Reputation: 77
I have been trying to work out how to use a for loop to replace NA values in certain columns with the median of the column. So far I have this:
for (i in 1:ncol(merged_df_edit3)){
if(is.na(merged_df_edit3[,i]) == TRUE){
assign(merged_df_edit3[,i],replace_na(median(merged_df_edit3[,i])))
}
}
this works and runs, but gives of the warning:
"In if (is.na(merged_df_edit3[, i]) == TRUE) { ... : the condition has length > 1 and only the first element will be used"
however, when I check the data frame it hasn't replaced any values at all.
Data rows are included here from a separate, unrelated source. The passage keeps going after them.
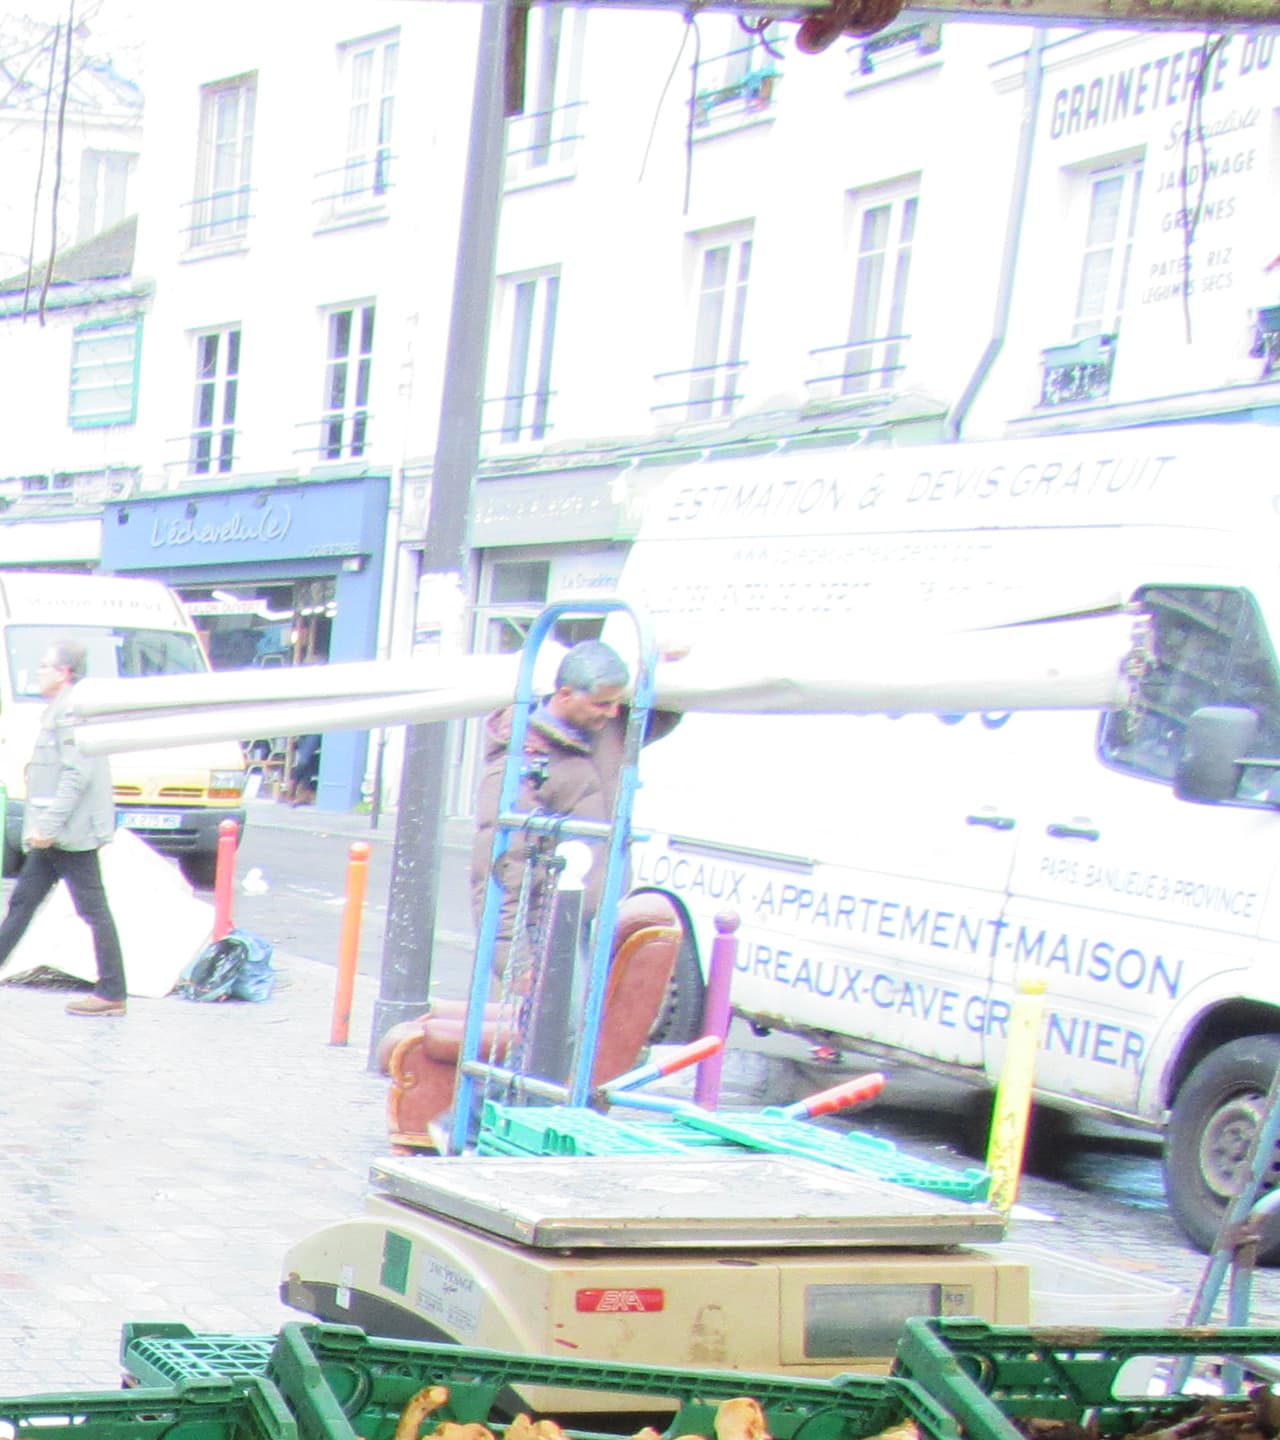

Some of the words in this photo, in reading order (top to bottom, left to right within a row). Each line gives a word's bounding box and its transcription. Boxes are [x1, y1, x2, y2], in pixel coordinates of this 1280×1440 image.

[1155, 148, 1257, 193] JADNAGE
[667, 476, 845, 523] ESTIMATION
[858, 472, 886, 511] &
[906, 465, 1005, 505] DEVIS
[1008, 455, 1178, 498] GRATUIT
[637, 850, 744, 905] LOCAUX
[1083, 864, 1158, 901] BANLIEUE
[1171, 878, 1260, 920] PROVINCE
[735, 941, 959, 1029] UREAUX-CAVE
[963, 993, 1147, 1075] GRNIER
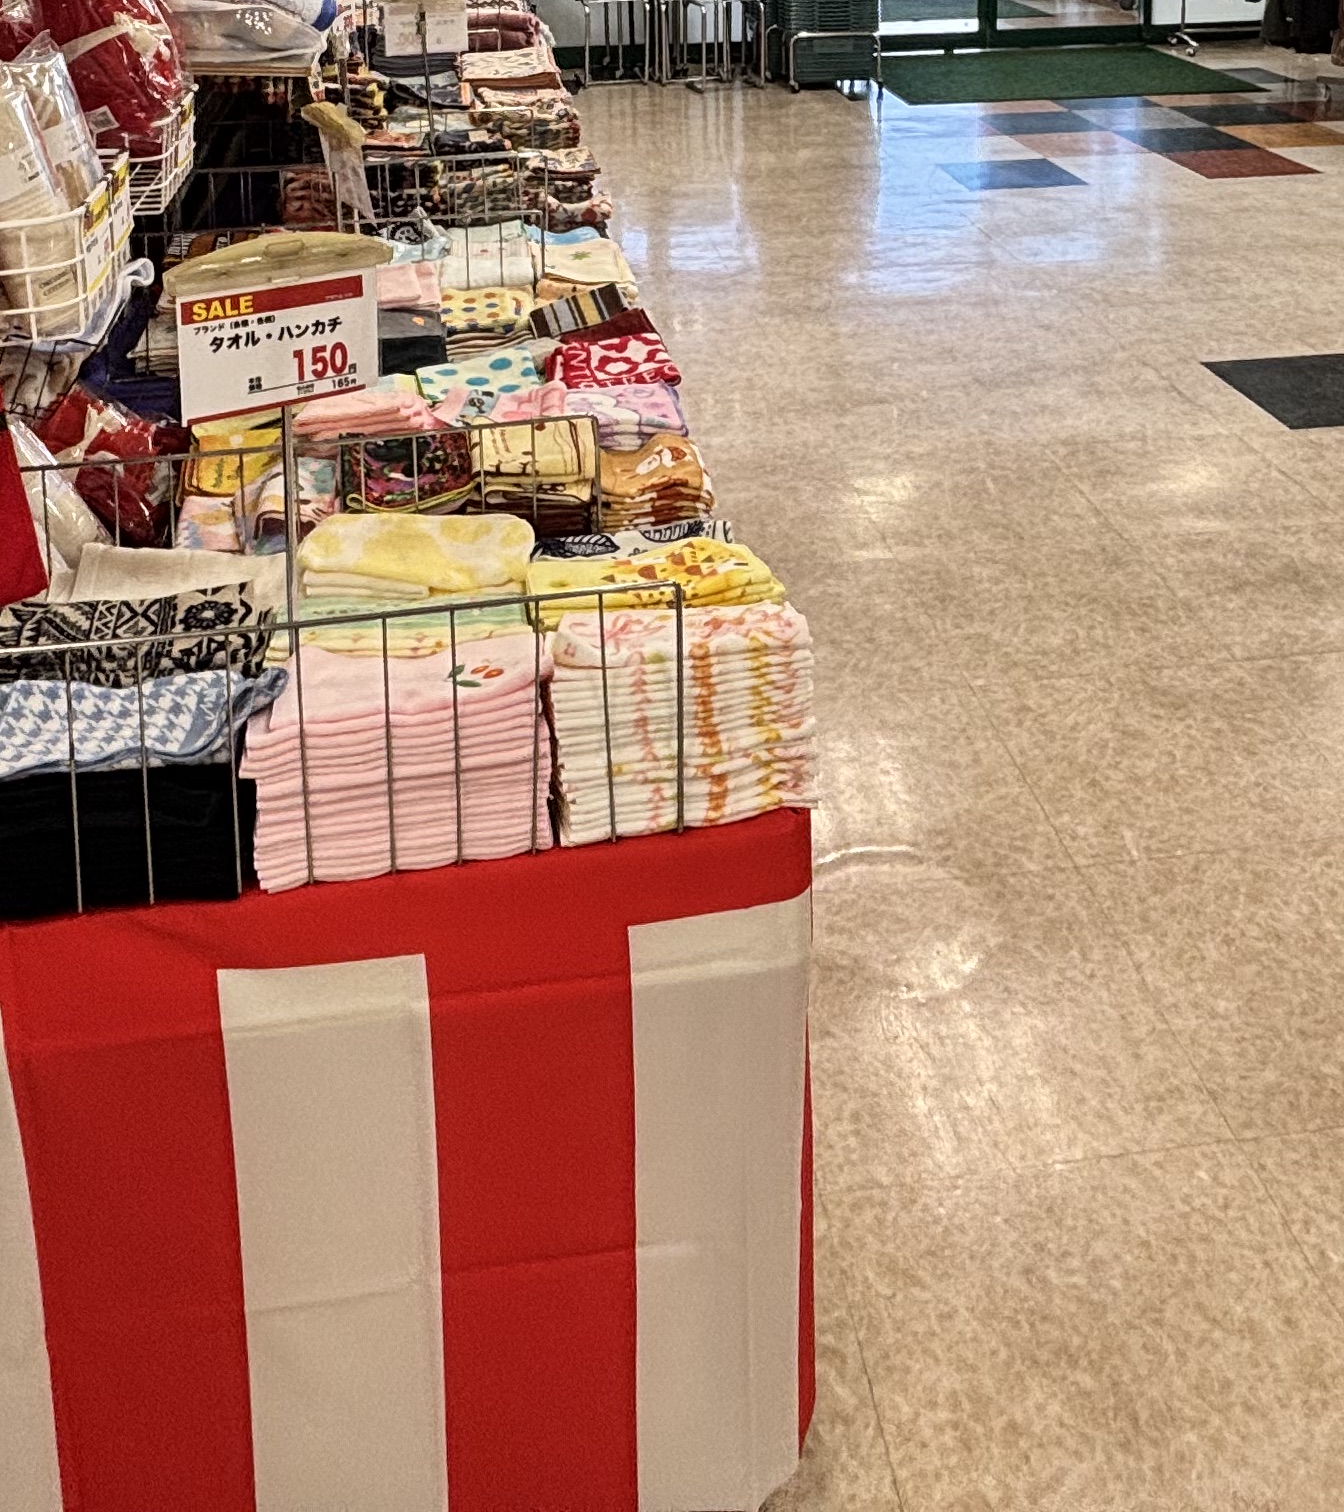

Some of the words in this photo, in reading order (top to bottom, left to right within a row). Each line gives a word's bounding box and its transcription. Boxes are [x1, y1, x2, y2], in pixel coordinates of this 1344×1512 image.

[192, 295, 254, 321] SALE
[210, 316, 342, 353] タオル・ハンカチ
[332, 377, 357, 389] 165円
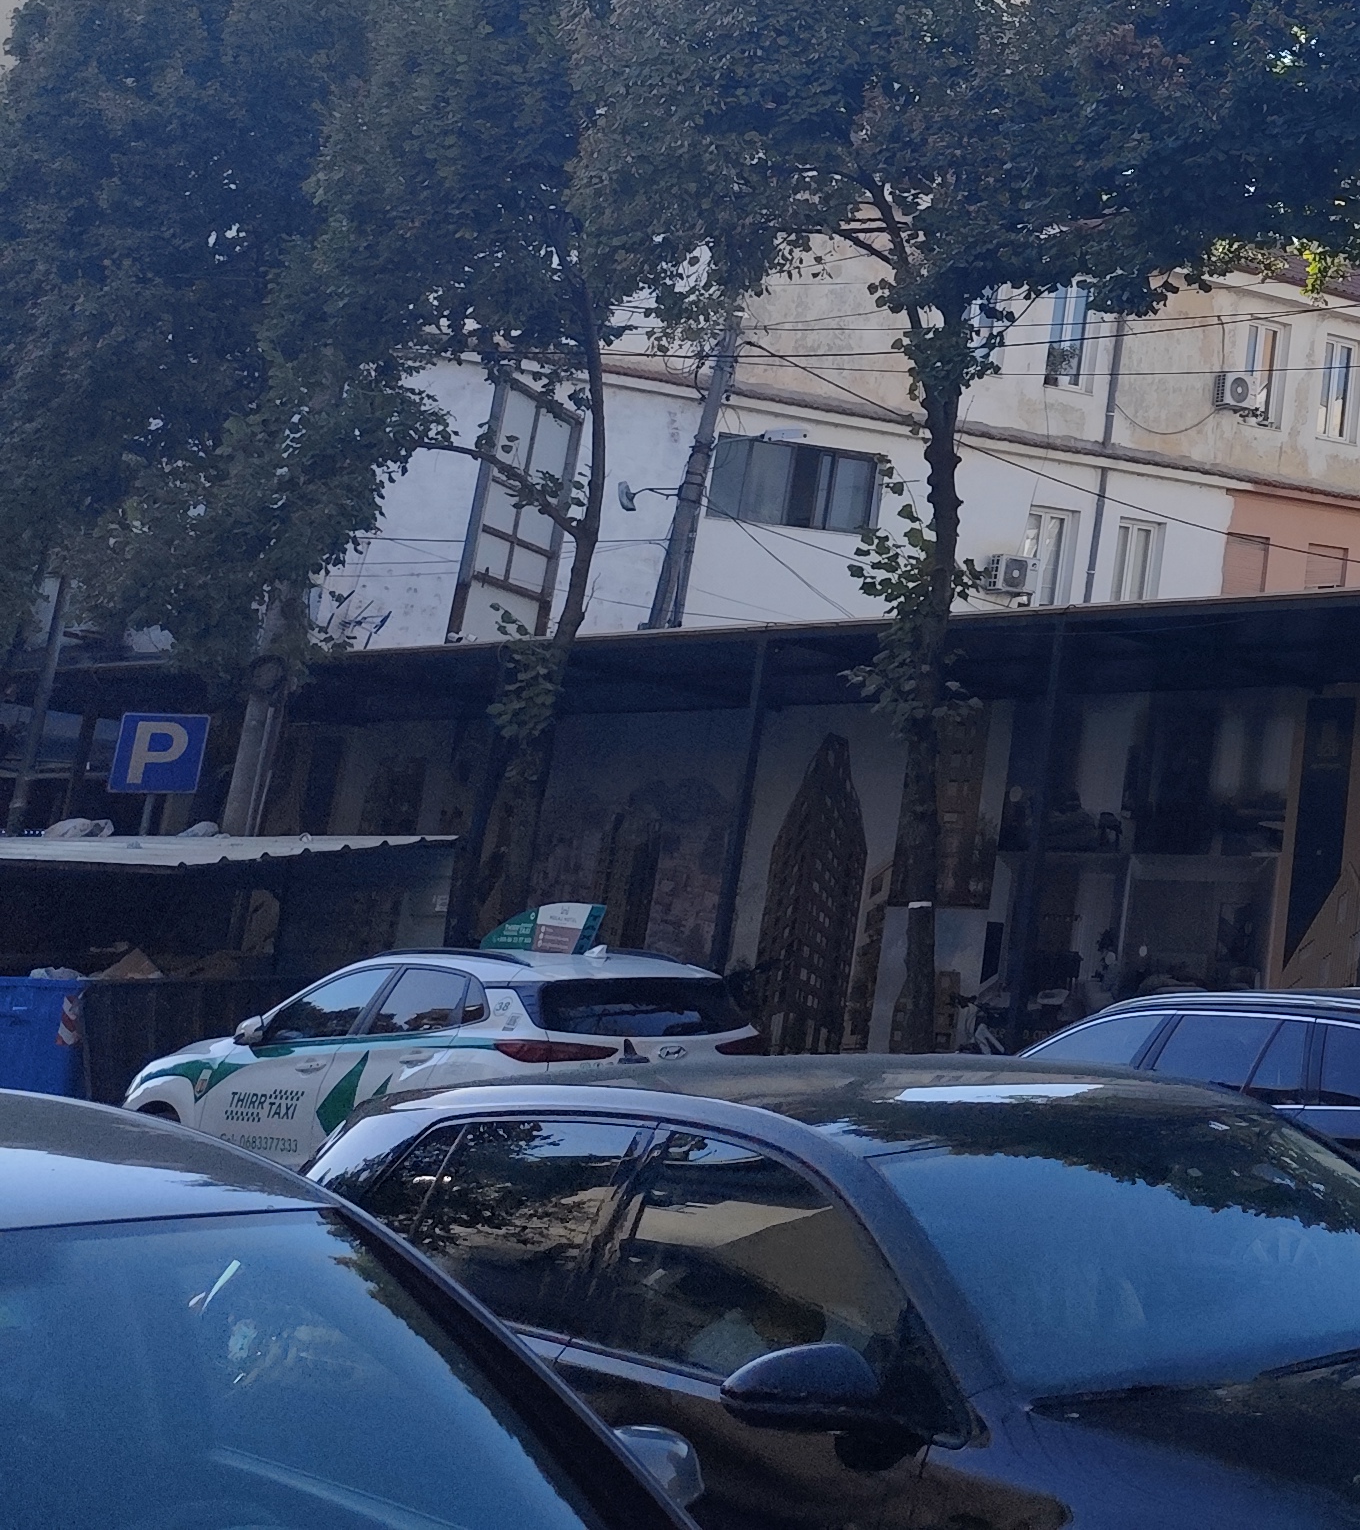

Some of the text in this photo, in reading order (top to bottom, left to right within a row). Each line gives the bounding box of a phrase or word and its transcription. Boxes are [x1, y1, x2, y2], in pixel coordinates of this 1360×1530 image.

[126, 721, 188, 784] P
[496, 1001, 511, 1012] 38
[229, 1091, 267, 1110] THIRR
[266, 1101, 298, 1120] TAXI
[240, 1134, 298, 1153] 0683377333
The data I am using is mixed between numeric, date and character as is like this. There are some blanks in the character columns but I do no need them filled.
df <- tribble(
~`date Column`, ~`Numeric Column`, ~`Character Column`,
"1/1/2011", 123, "Left",
"1/2/2011", 124, "Right",
"1/3/2011", 125, "Left",
"1/4/2011", NA, "NA",
"1/5/2011", 132, "Right"
)
Thanks!
Upvotes: 2
Views: 767
Reputation: 41220
Instead of a loop, you could use dplyr
which will probably be a bit more efficient:
library(dplyr)
df <- df %>%
mutate(across(where(is.numeric),function(x) {if_else(is.na(x),median(x,na.rm=T),x)}))
Upvotes: 1
Reputation: 76402
There is need for only one for
loop and one if
condition.
for(i in 1:ncol(df)){
if(is.numeric(df[[i]])){
na <- is.na(df[[i]])
df[na, i] <- median(df[[i]], na.rm = TRUE)
}
}
Upvotes: 3
Reputation: 21908
If you insist on using a for
loop here is a solution that might help you. It should be noted that I first check whether the column is numeric and then iterate over its rows to find the NA
values.
df <- tribble(
~`date Column`, ~`Numeric Column`, ~`Character Column`,
"1/1/2011", 123, "Left",
"1/2/2011", 124, "Right",
"1/3/2011", 125, "Left",
"1/4/2011", NA, "NA",
"1/5/2011", 132, "Right"
)
for(j in 1:ncol(df)) {
if(is.numeric(df[[j]])) {
for(i in 1:nrow(df)) {
if(is.na(df[i, j])) {
df[i, j] <- median(df[[j]], na.rm = TRUE)
}
}
}
}
df
# A tibble: 5 x 3
`date Column` `Numeric Column` `Character Column`
<chr> <dbl> <chr>
1 1/1/2011 123 Left
2 1/2/2011 124 Right
3 1/3/2011 125 Left
4 1/4/2011 124. NA
5 1/5/2011 132 Right
The 4th element of Numeric Column
has been replace by the median of that column.
Upvotes: 1